Work required: For this exercise, write out every entry exactly and leave the pictures out.

BEGIN Data

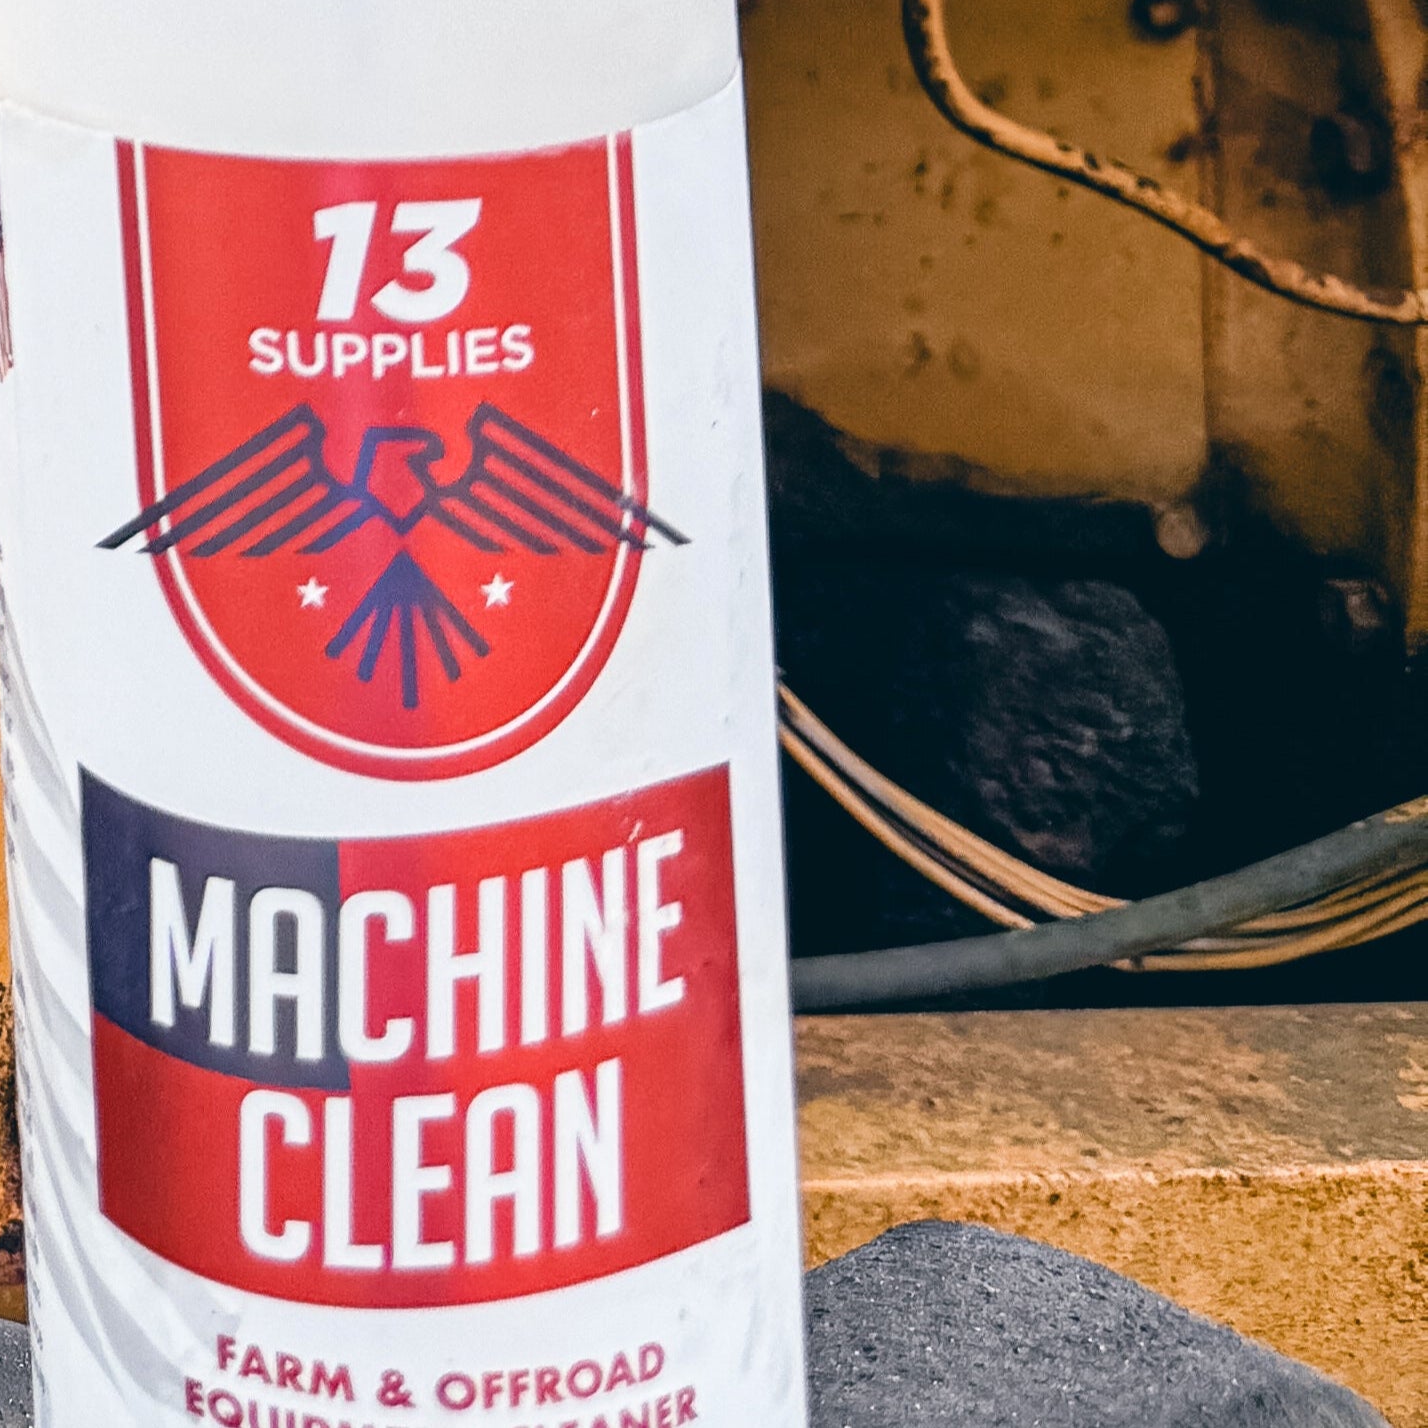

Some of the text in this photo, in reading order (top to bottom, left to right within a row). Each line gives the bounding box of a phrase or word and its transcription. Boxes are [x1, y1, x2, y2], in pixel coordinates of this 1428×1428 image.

[313, 197, 483, 326] 13
[248, 323, 535, 379] SUPPLIES
[149, 829, 684, 1063] MACHINE
[238, 1058, 624, 1271] CLEAN
[217, 1334, 355, 1402] FARM
[376, 1368, 415, 1408] &
[435, 1342, 665, 1411] OFFROAD
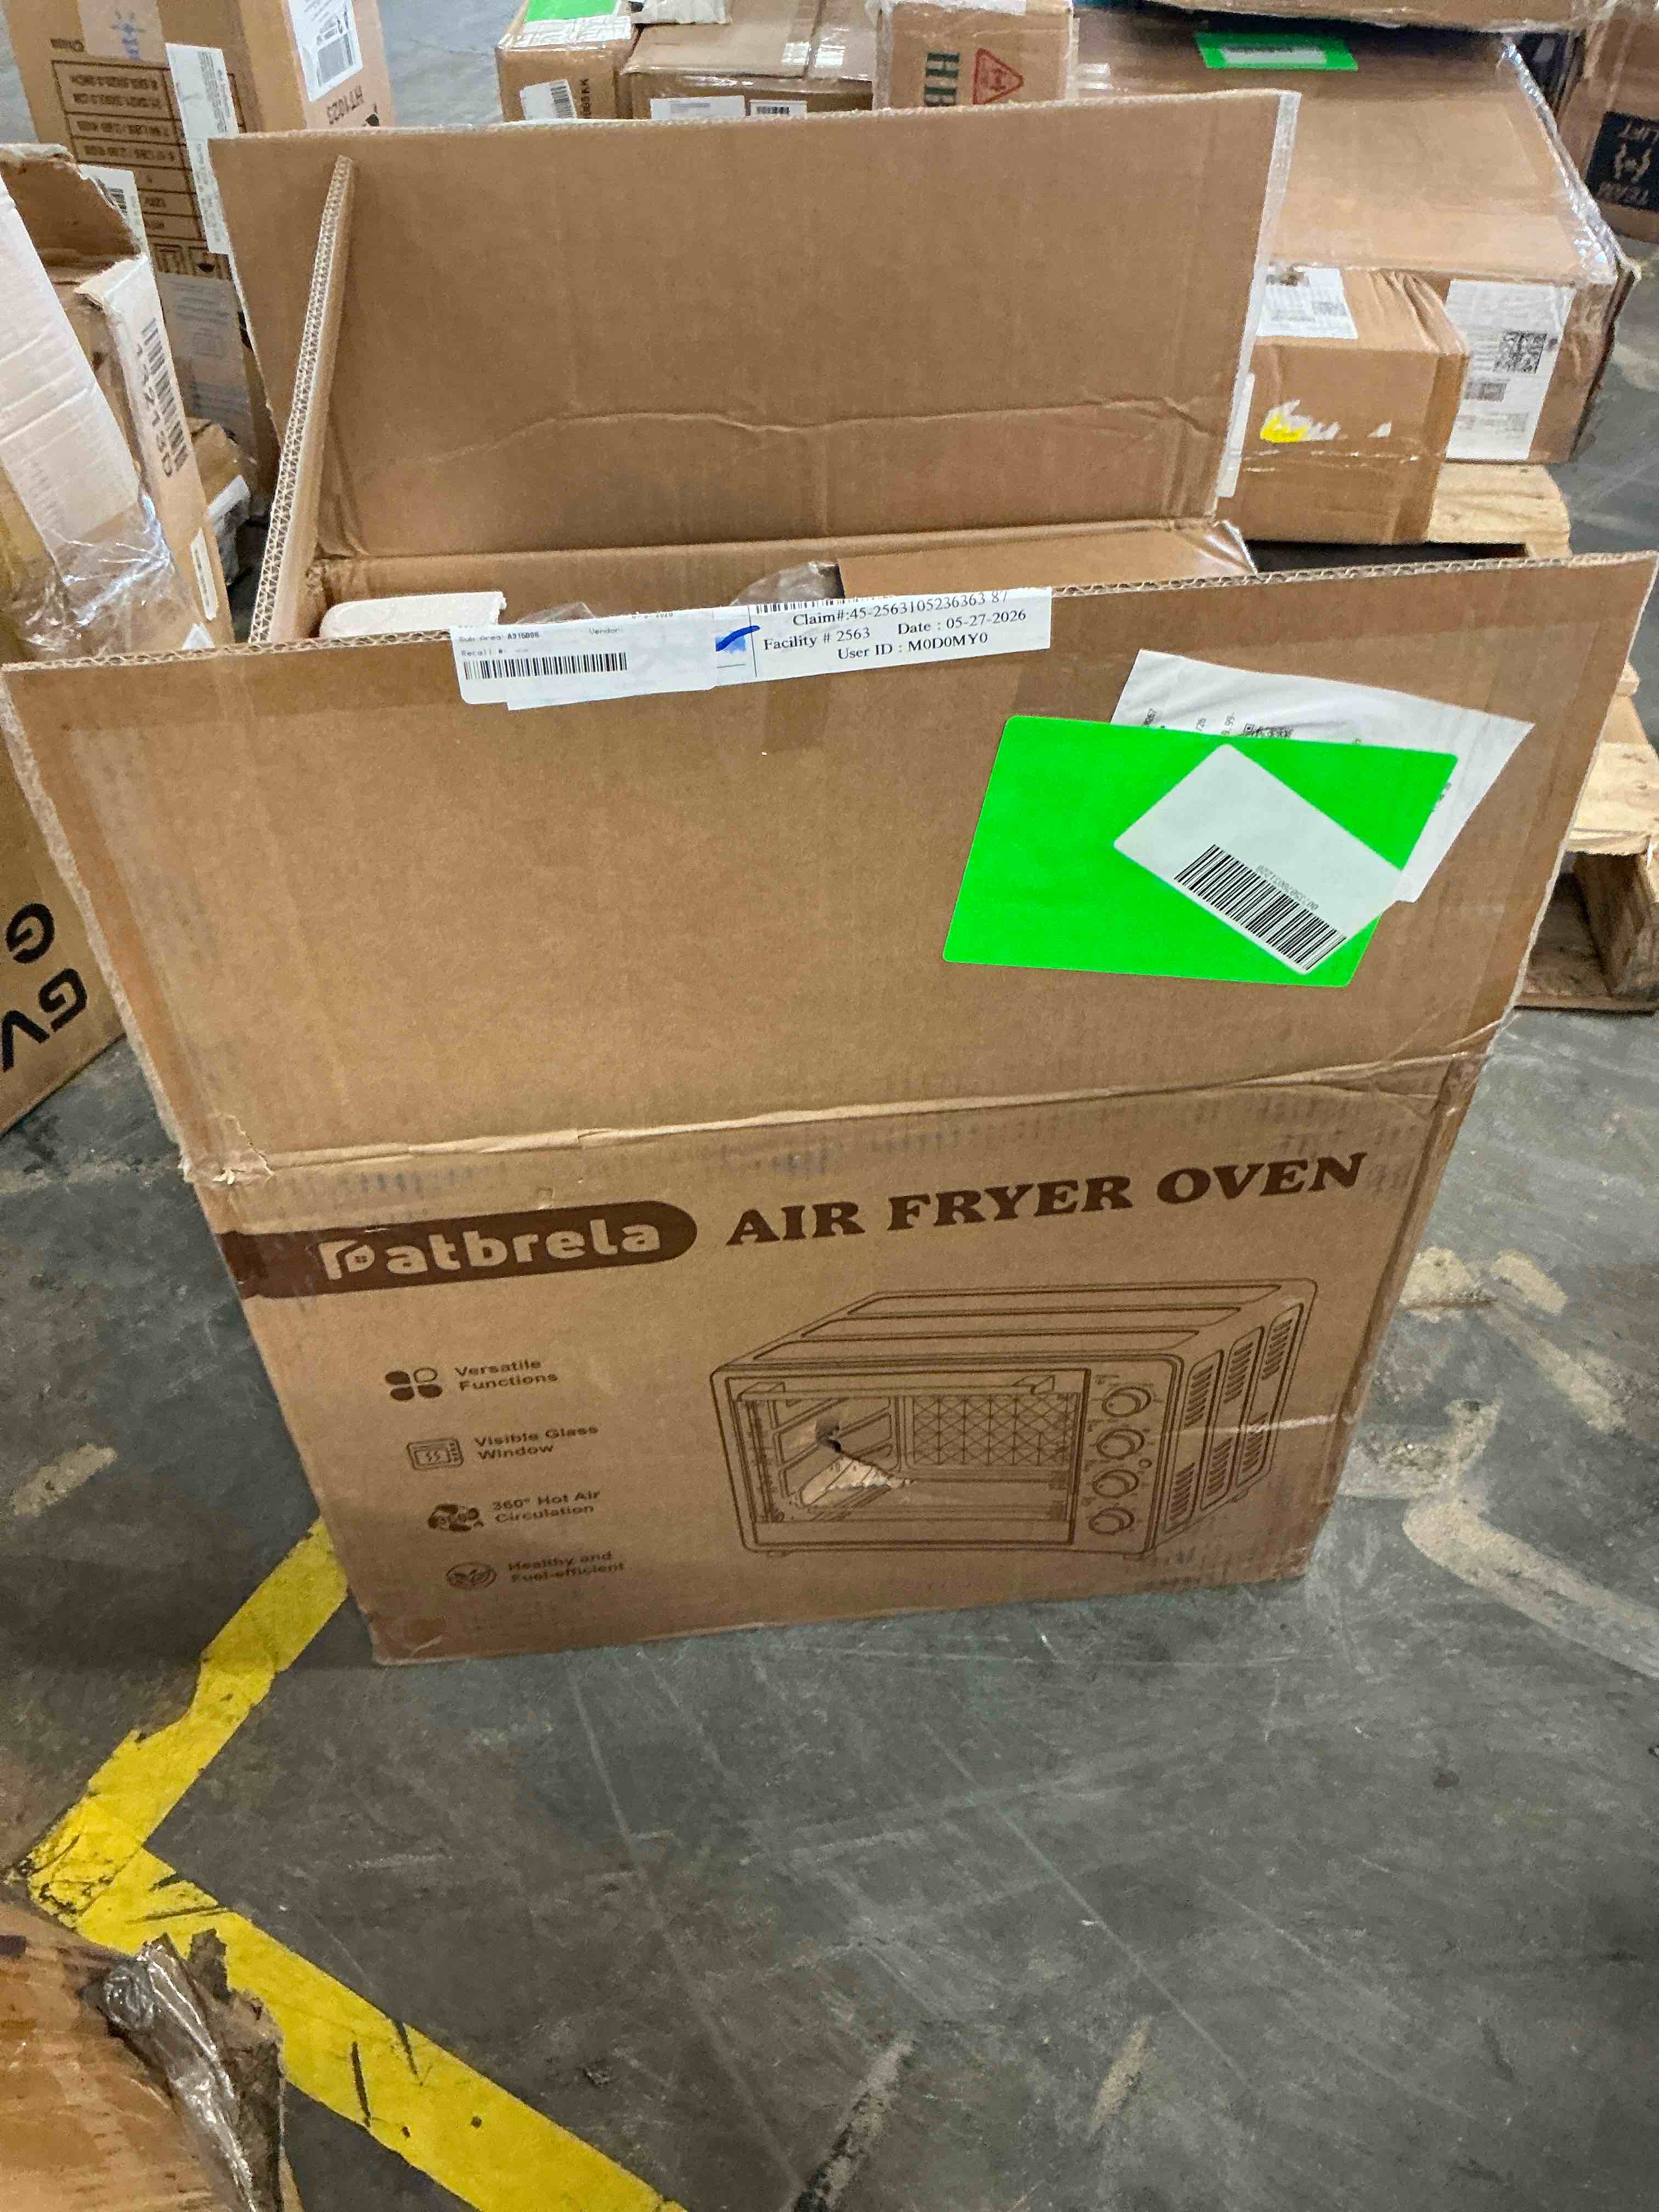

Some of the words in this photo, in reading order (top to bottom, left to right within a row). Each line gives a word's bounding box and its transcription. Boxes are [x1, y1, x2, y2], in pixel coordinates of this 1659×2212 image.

[763, 634, 817, 650] Facility
[822, 631, 830, 643] #
[837, 627, 870, 642] 2563
[898, 623, 932, 635] Date
[946, 608, 1027, 629] 05-27-2026
[838, 647, 870, 660] User
[875, 643, 893, 656] ID
[725, 1201, 866, 1245] AIR
[886, 1175, 1133, 1231] FRYER
[1157, 1152, 1368, 1204] OVEN
[454, 1358, 541, 1376] Versatile
[459, 1373, 558, 1392] Functions
[473, 1432, 539, 1447] Visible
[545, 1426, 599, 1440] Glass
[477, 1444, 554, 1460] Window
[537, 1493, 568, 1505] Hot
[574, 1490, 601, 1502] Air
[494, 1504, 594, 1523] Circulation
[508, 1558, 574, 1571] Healthy
[579, 1550, 612, 1563] and
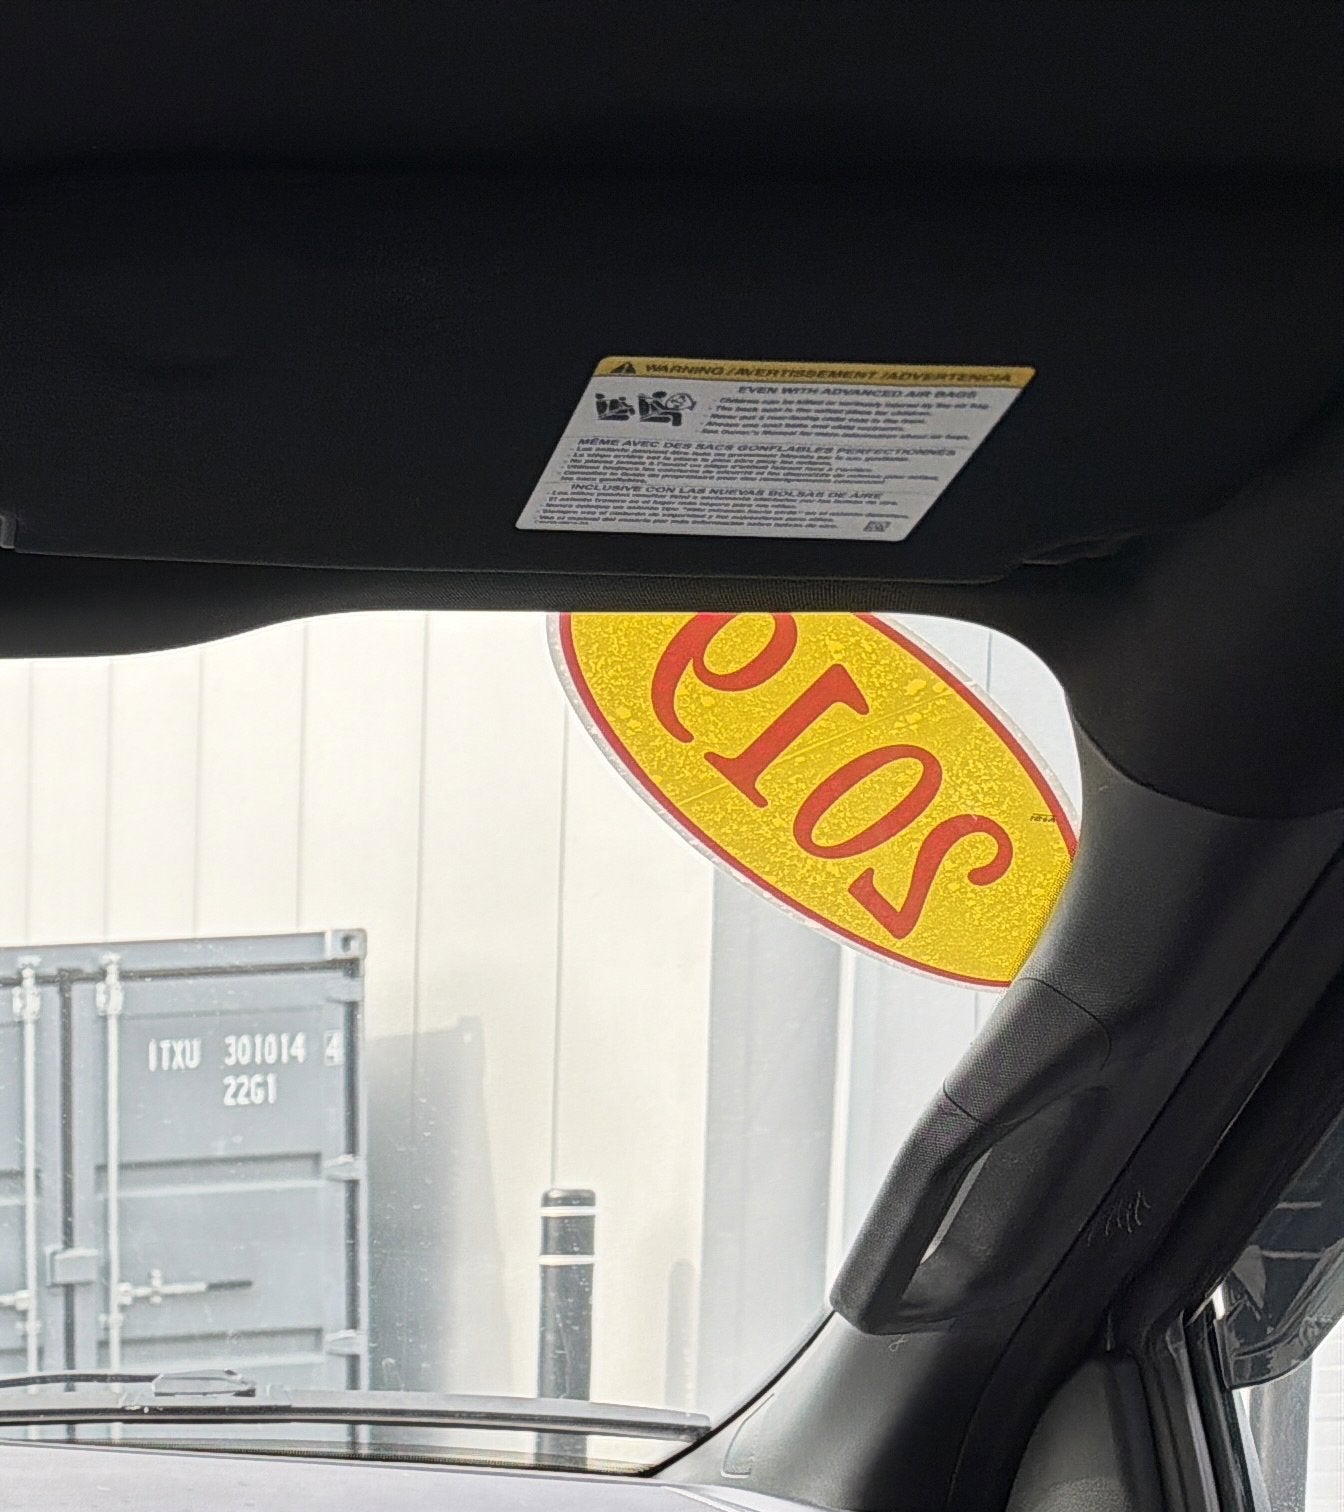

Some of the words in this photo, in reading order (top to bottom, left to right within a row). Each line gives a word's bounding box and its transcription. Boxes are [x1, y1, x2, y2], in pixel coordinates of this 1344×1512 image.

END Data

Response to this exercise:
Some of the text in this photo, in reading order (top to bottom, left to right within a row). Each line gives the bounding box of a phrase or word and its transcription. Boxes are [x1, y1, x2, y2], in pixel coordinates of this 1428×1428 image.

[313, 197, 483, 326] 13
[248, 323, 535, 379] SUPPLIES
[149, 829, 684, 1063] MACHINE
[238, 1058, 624, 1271] CLEAN
[217, 1334, 355, 1402] FARM
[376, 1368, 415, 1408] &
[435, 1342, 665, 1411] OFFROAD

Some of the words in this photo, in reading order (top to bottom, left to right within a row). Each line gives a word's bounding box and its transcription. Boxes are [x1, y1, x2, y2], in pixel coordinates of this 1659×2212 image.

[763, 634, 817, 650] Facility
[822, 631, 830, 643] #
[837, 627, 870, 642] 2563
[898, 623, 932, 635] Date
[946, 608, 1027, 629] 05-27-2026
[838, 647, 870, 660] User
[875, 643, 893, 656] ID
[725, 1201, 866, 1245] AIR
[886, 1175, 1133, 1231] FRYER
[1157, 1152, 1368, 1204] OVEN
[454, 1358, 541, 1376] Versatile
[459, 1373, 558, 1392] Functions
[473, 1432, 539, 1447] Visible
[545, 1426, 599, 1440] Glass
[477, 1444, 554, 1460] Window
[537, 1493, 568, 1505] Hot
[574, 1490, 601, 1502] Air
[494, 1504, 594, 1523] Circulation
[508, 1558, 574, 1571] Healthy
[579, 1550, 612, 1563] and

Some of the words in this photo, in reading order (top to bottom, left to right within a row). Each line gives a word's bounding box and its transcription. Boxes are [x1, y1, x2, y2], in pixel coordinates of this 1344×1512 image.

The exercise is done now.